Starling Bank has been fined £29m by the City watchdog for “shockingly lax” financial crime controls which “left the financial system wide open to criminals and those subject to sanctions”.
The Financial Conduct Authority (FCA) said the challenger bank had grown quickly but “measures to tackle financial crime did not keep pace with its growth”.
Starling, a UK-based online bank founded in 2014 by entrepreneur Anne Boden, grew rapidly, from 43,000 customers in 2017 to 3.6 million in 2023.
Banks are required by law to conduct rigorous checks on new customers to prevent fraud and money laundering.
The FCA’s review of financial crime controls at challenger banks in 2021 identified serious concerns with the anti-money laundering and sanctions framework in place at Starling.
The bank agreed to a requirement restricting it from opening new accounts for high-risk customers until this improved – but failed to comply and opened more than 54,000 accounts for 49,000 high-risk customers between September 2021 and November 2023, the FCA said.

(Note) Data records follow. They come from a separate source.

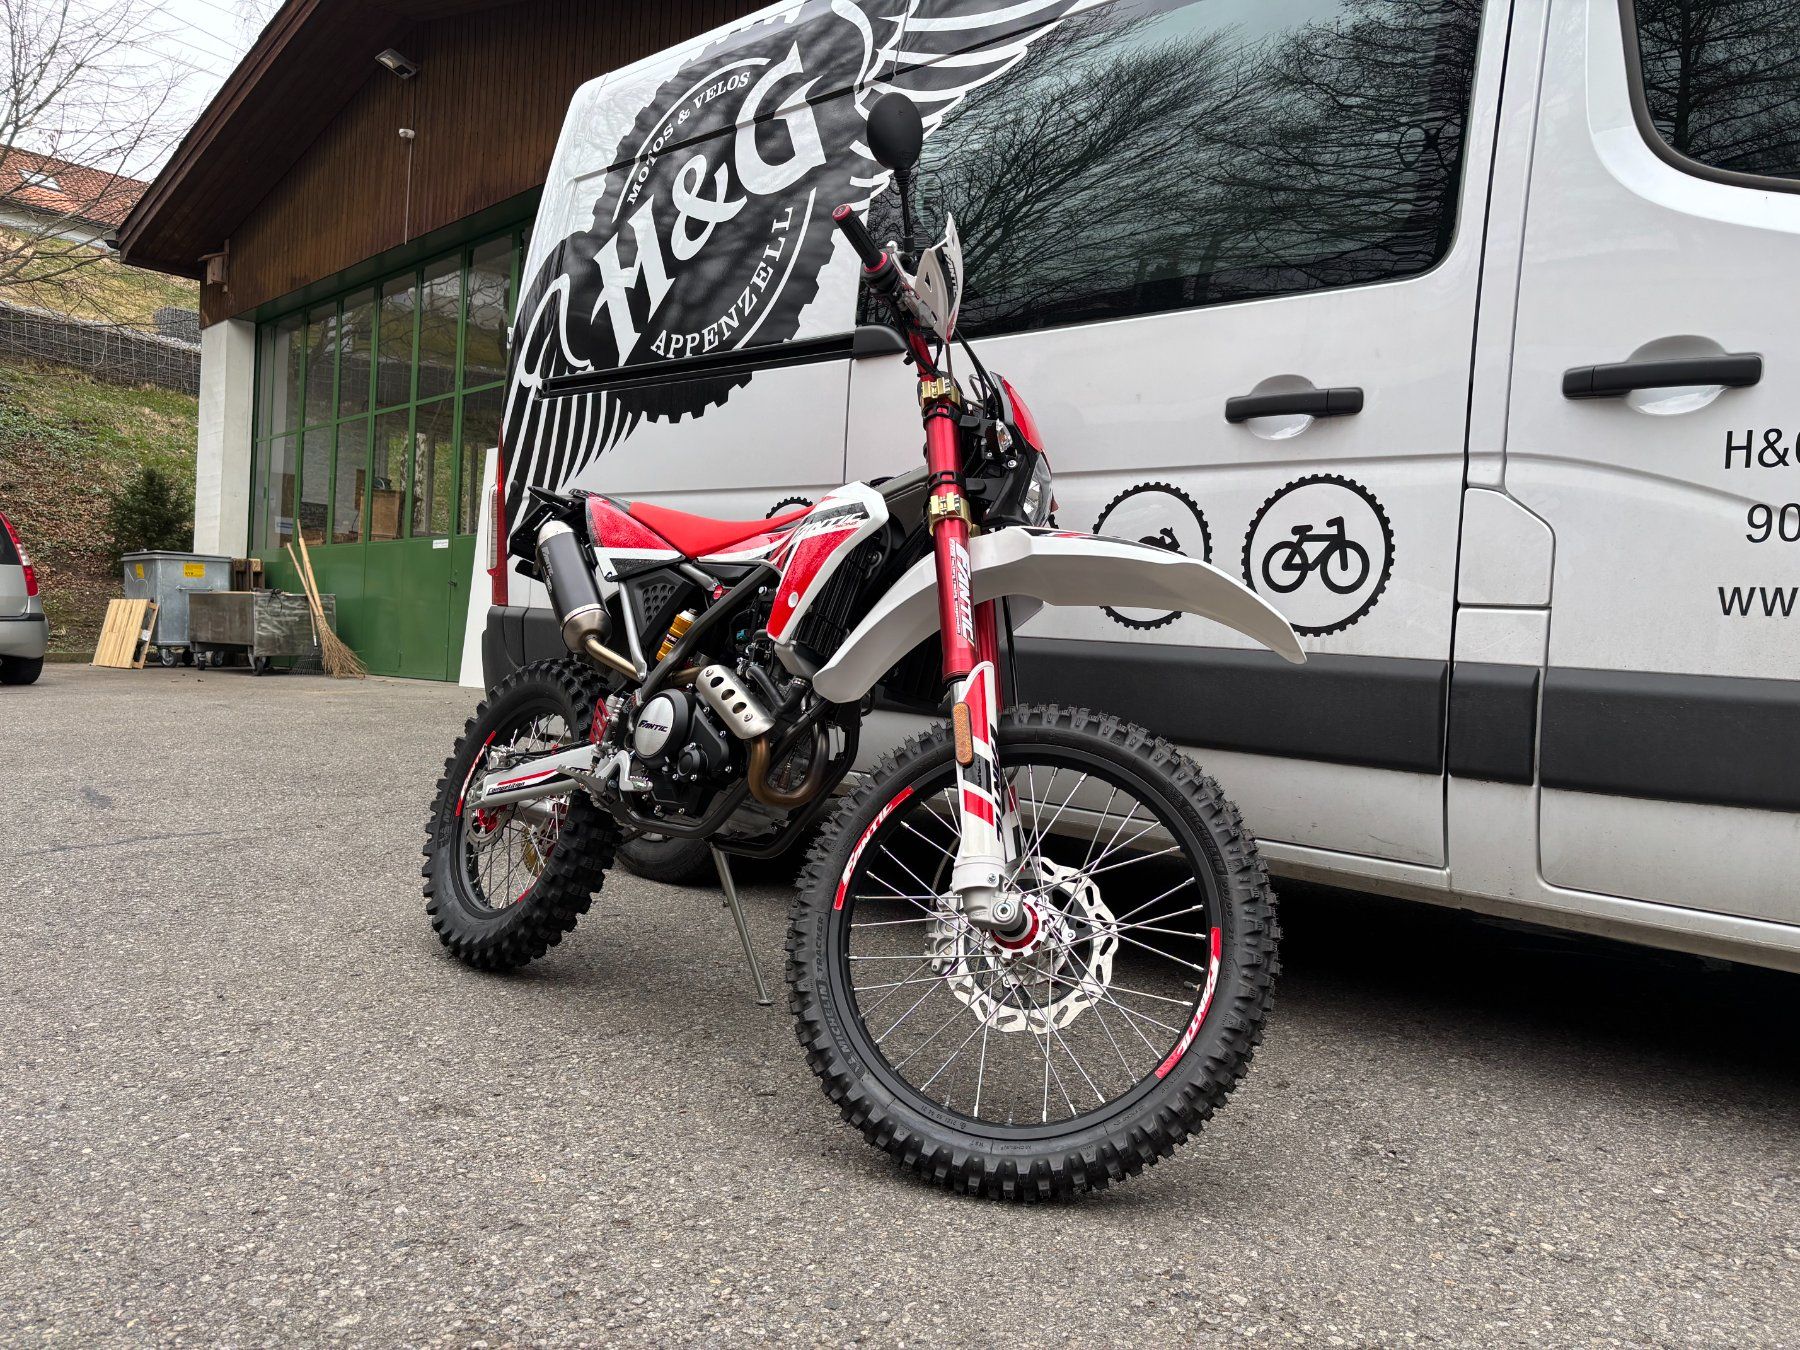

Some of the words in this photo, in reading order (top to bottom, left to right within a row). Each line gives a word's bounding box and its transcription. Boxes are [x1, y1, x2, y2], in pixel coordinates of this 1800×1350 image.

[626, 121, 675, 205] MOTOS
[677, 107, 691, 125] &
[692, 71, 752, 107] VELOS
[590, 40, 827, 368] H&G
[650, 206, 794, 360] APPENZELL
[1724, 428, 1800, 470] H&
[955, 541, 975, 647] FANTIC
[638, 719, 669, 733] FANTIC
[842, 804, 893, 886] FANTIC
[815, 916, 824, 974] TRACKER
[818, 981, 852, 1054] MICHELIN
[1176, 955, 1219, 1056] FANTIC
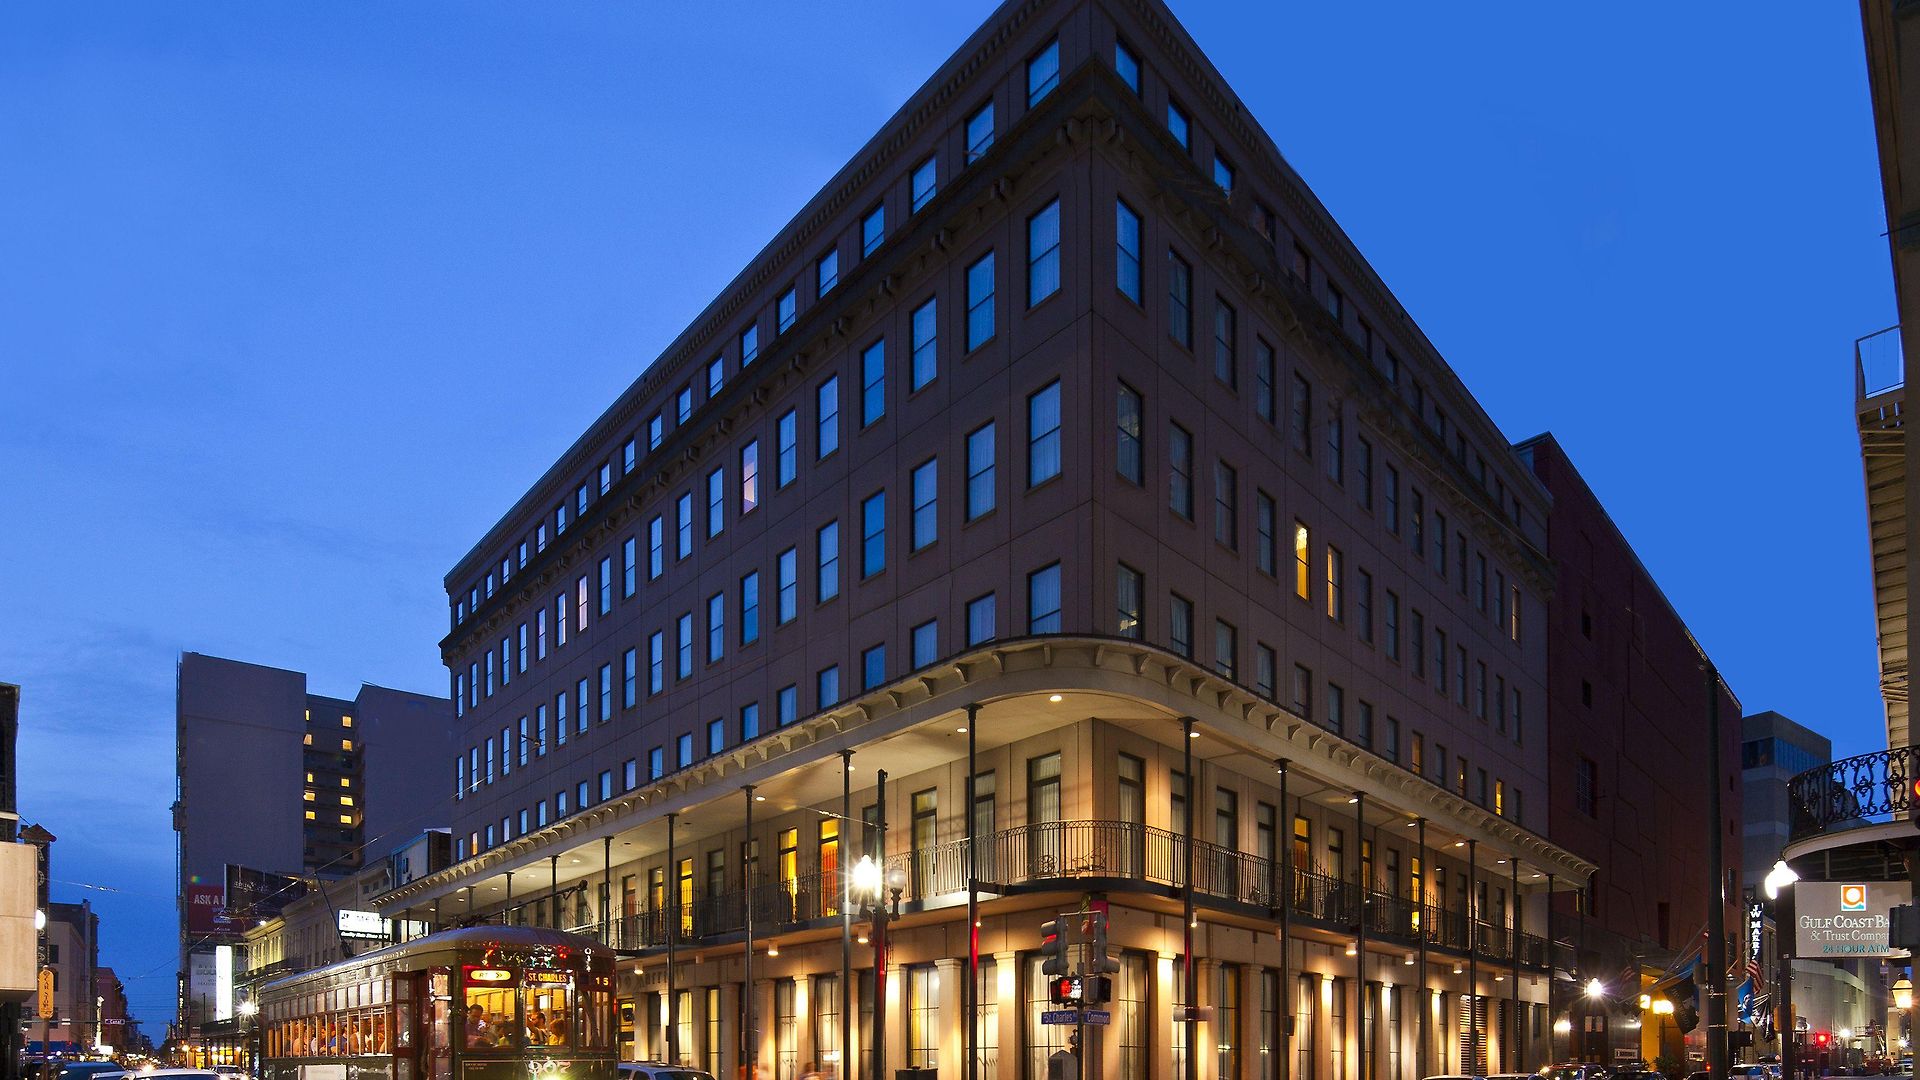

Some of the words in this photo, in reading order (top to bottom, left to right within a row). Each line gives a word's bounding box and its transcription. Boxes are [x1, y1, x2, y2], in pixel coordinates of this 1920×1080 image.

[194, 894, 211, 905] ASK
[213, 894, 220, 905] A
[1800, 915, 1832, 928] GULF
[1833, 915, 1874, 928] COAST
[1811, 930, 1820, 941] &
[1823, 930, 1850, 941] Trust
[1838, 944, 1865, 953] HOUR
[1868, 944, 1889, 953] ATM
[538, 973, 568, 983] CHARLES
[1053, 1012, 1073, 1023] Charles
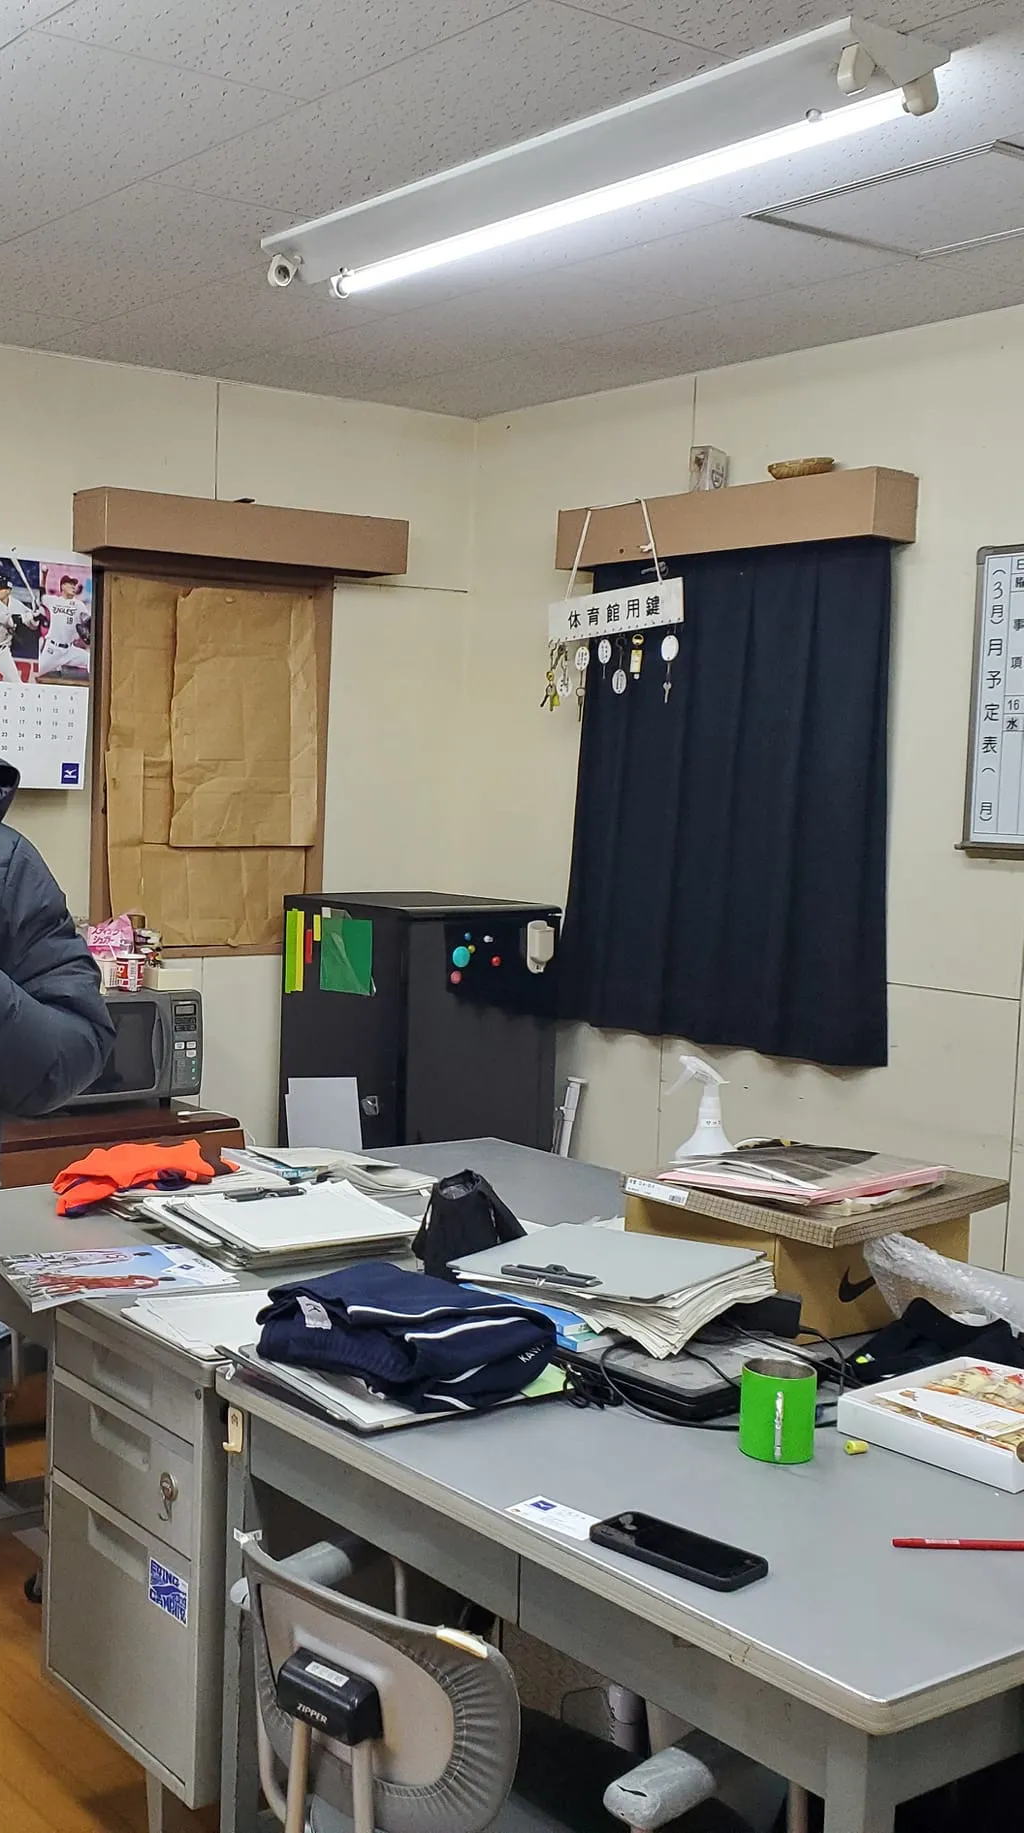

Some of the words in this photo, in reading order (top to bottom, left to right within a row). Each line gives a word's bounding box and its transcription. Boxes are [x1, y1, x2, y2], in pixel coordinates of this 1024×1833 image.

[567, 595, 661, 630] 体育館用鍵
[1007, 700, 1020, 711] 16
[1006, 718, 1018, 730] 水
[296, 1702, 328, 1724] ZIPPER
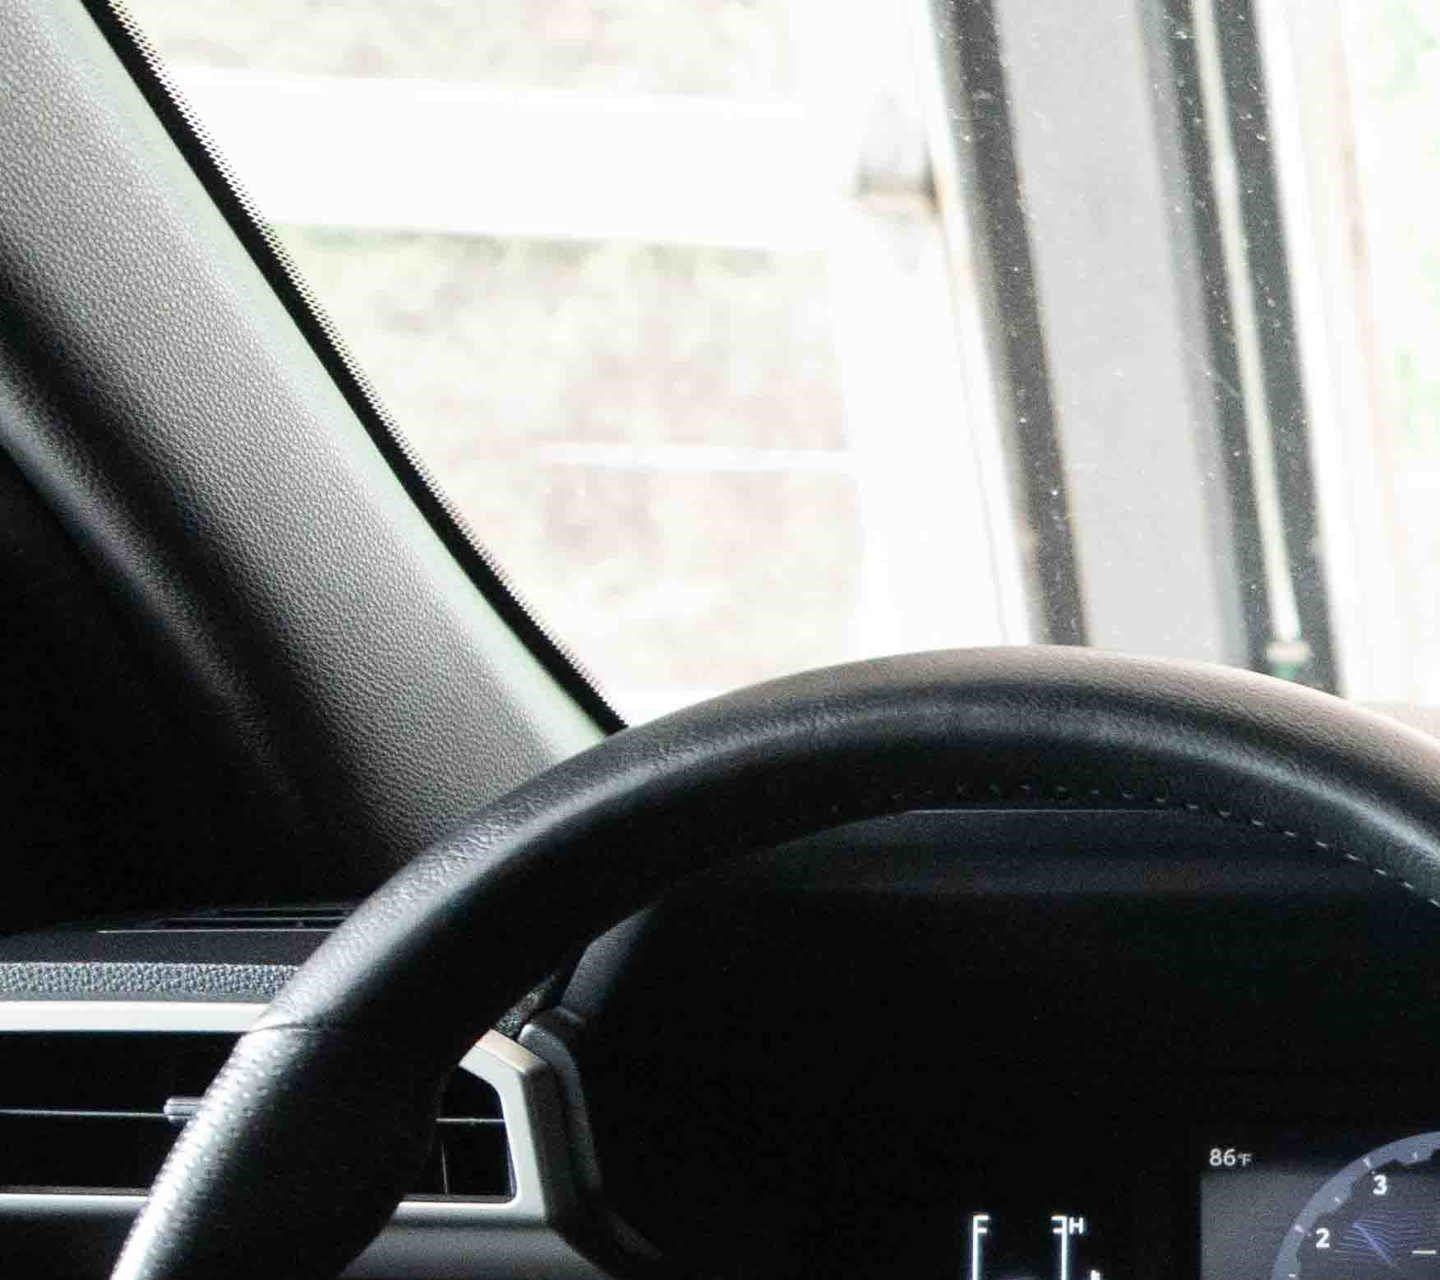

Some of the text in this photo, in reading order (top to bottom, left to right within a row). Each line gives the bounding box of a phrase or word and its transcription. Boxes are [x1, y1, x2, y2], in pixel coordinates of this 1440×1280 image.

[1373, 1174, 1387, 1195] 3
[1069, 1217, 1084, 1234] H
[1316, 1228, 1330, 1248] 2

In January 2023, Starling became aware that its automated screening system had, since 2017, only been screening customers against a fraction of the full list of those subject to financial sanctions. An internal review found systemic issues in its financial sanctions framework, and the bank has since reported multiple potential breaches of financial sanctions to the relevant authorities.
Therese Chambers, joint executive director of enforcement and market oversight, said: “Starling’s financial sanction screening controls were shockingly lax. It left the financial system wide open to criminals and those subject to sanctions. It compounded this by failing to properly comply with FCA requirements it had agreed to, which were put in place to lower the risk of Starling facilitating financial crime.”
Starling said it “regrets and apologises” for its failings, and has paid the fine as full and final settlement. It added that it had rescreened transactions and reviewed its customer accounts in depth, and introduced additional safeguards.
David Sproul, the bank’s chair, said: “I would like to apologise for the failings outlined by the FCA and to provide reassurance that we have invested heavily to put things right, including strengthening our board governance and capabilities.”
Starling took on an average of 15,000 new business customers a month during the Covid crisis, according to analysis by the Observer in June 2022. The bank was accused by former minister Lord Agnew of failing to properly review borrowers before handing out taxpayer-backed loans. Boden rejected the comments and said she was “shocked” by them.
Starling’s founder Boden stepped down as chief executive in May last year in a surprise move that she said was designed to shield the online bank from potential concerns over a conflict of interest, because she was a major shareholder. She quit as a non-executive director in June to run her venture AI by Boden, but retains a stake of less than 5% in Starling.
The FCA said it took 14 months to resolve this case, compared with an average of 42 months for cases closed in 2023-24, adding that it showed how it was improving the pace of its investigations.
The fine would have been nearly £41m but the FCA said that, as Starling had “agreed to resolve these matters”, it qualified for a 30% discount under its processes.